WHAT YOU SHOULD DO: Print the data that follows word for word, leaving out any picture.

[MATERIAL FOR THE TASK]

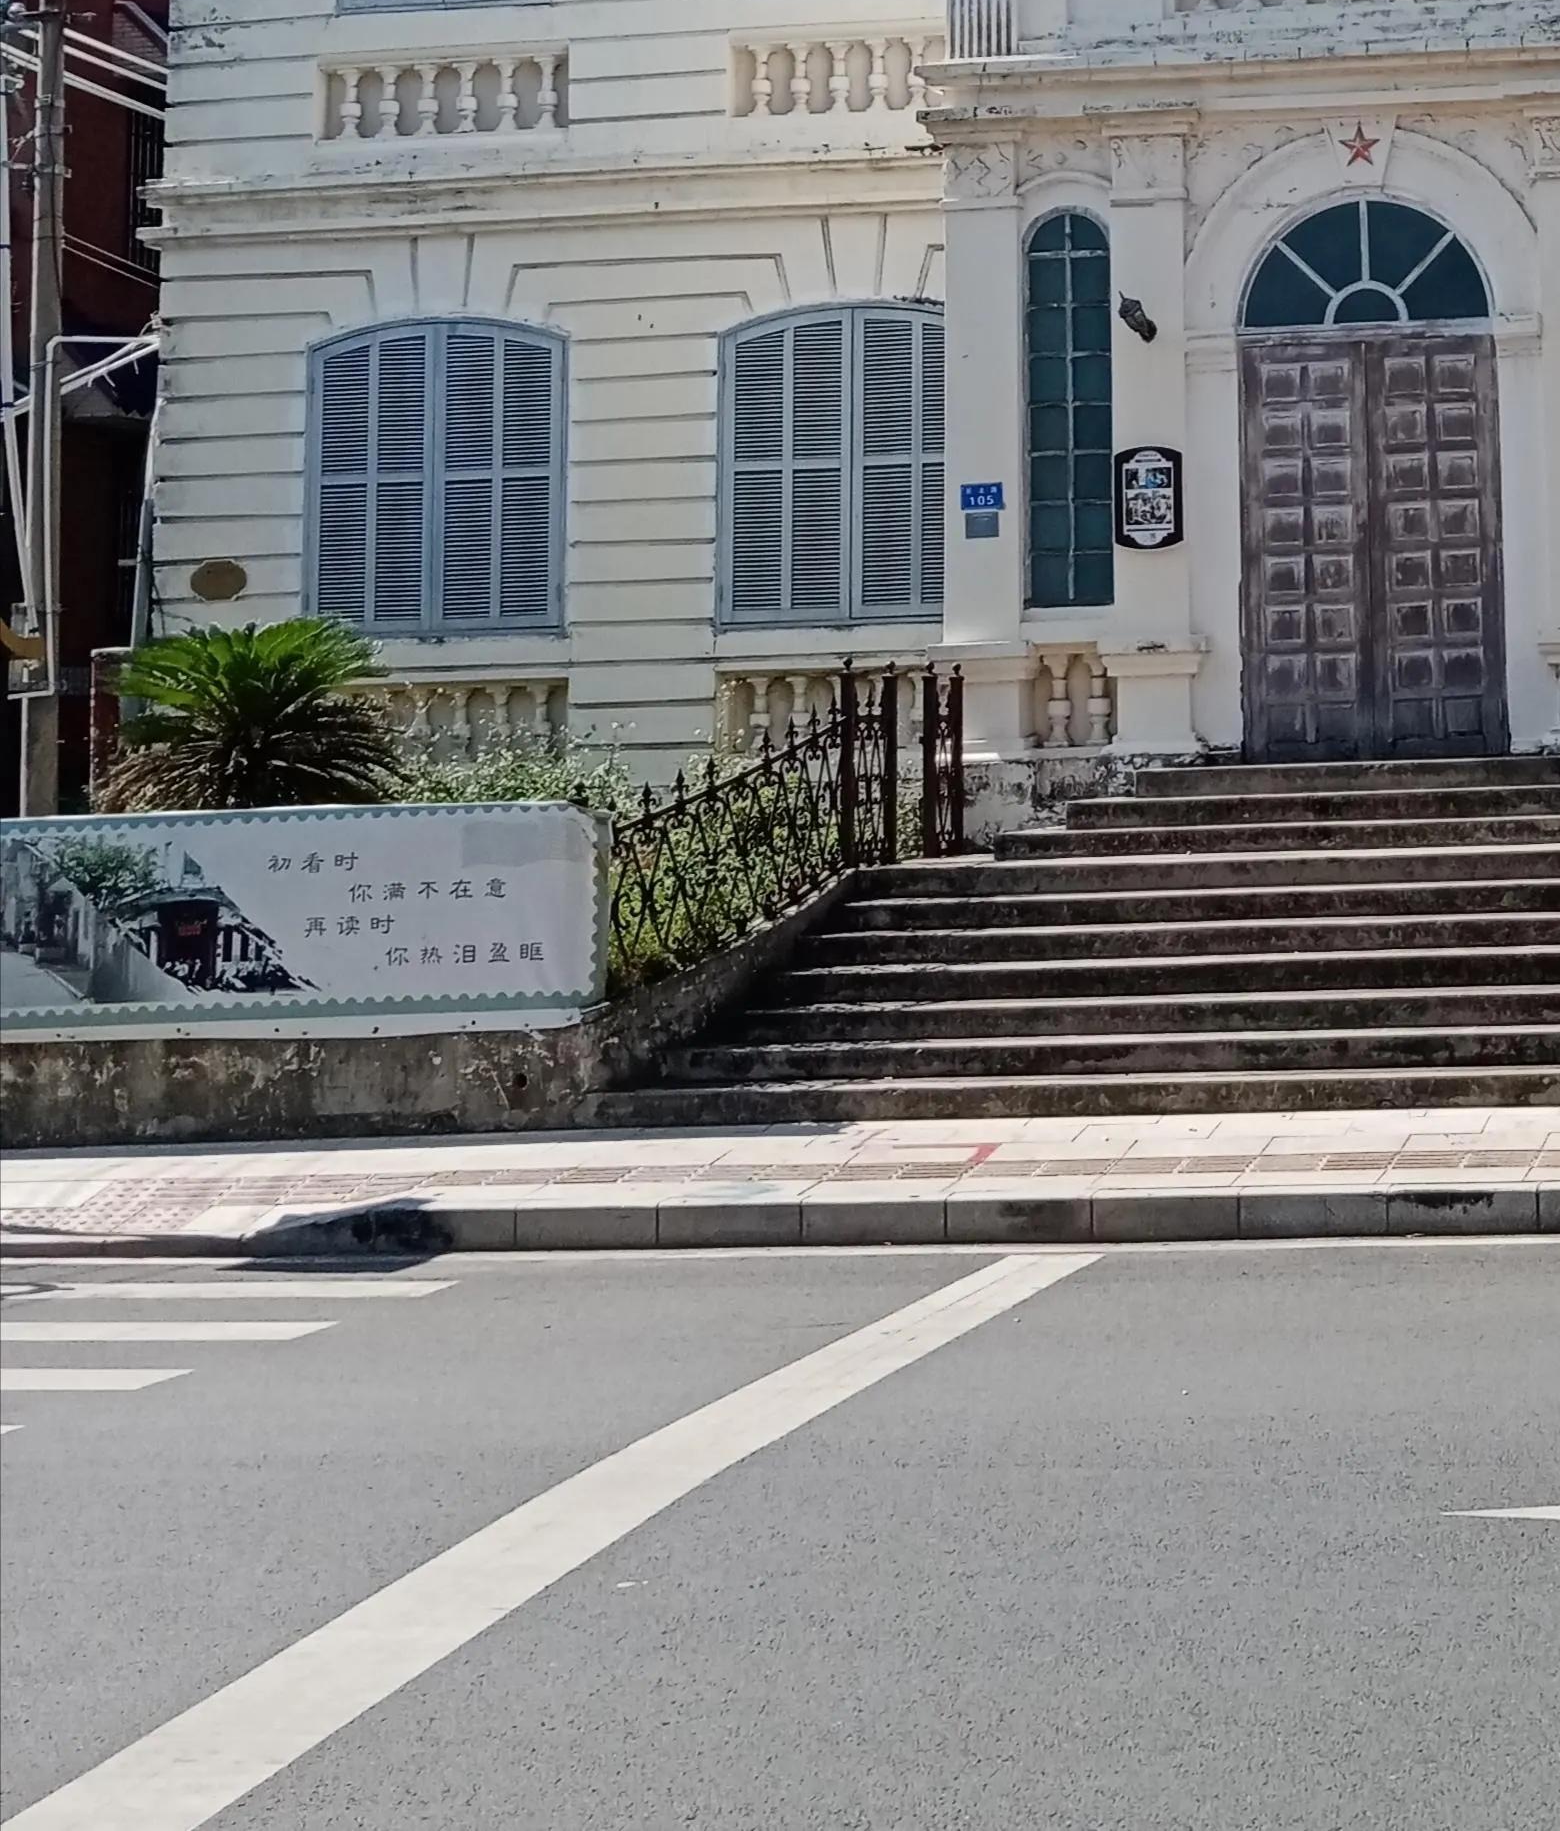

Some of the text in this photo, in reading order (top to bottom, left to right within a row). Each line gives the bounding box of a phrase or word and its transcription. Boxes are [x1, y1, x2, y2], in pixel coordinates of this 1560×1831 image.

[968, 494, 995, 507] 105
[266, 850, 359, 874] 初看时
[347, 877, 508, 903] 你满不在意
[303, 913, 396, 939] 再读时
[384, 941, 545, 967] 你热泪盈眶

[/MATERIAL FOR THE TASK]

YOUR SOLUTION:
Some of the text in this photo, in reading order (top to bottom, left to right within a row). Each line gives the bounding box of a phrase or word and its transcription. Boxes are [x1, y1, x2, y2], in pixel coordinates of this 1560×1831 image.

[968, 494, 995, 507] 105
[266, 850, 359, 874] 初看时
[347, 877, 508, 903] 你满不在意
[303, 913, 396, 939] 再读时
[384, 941, 545, 967] 你热泪盈眶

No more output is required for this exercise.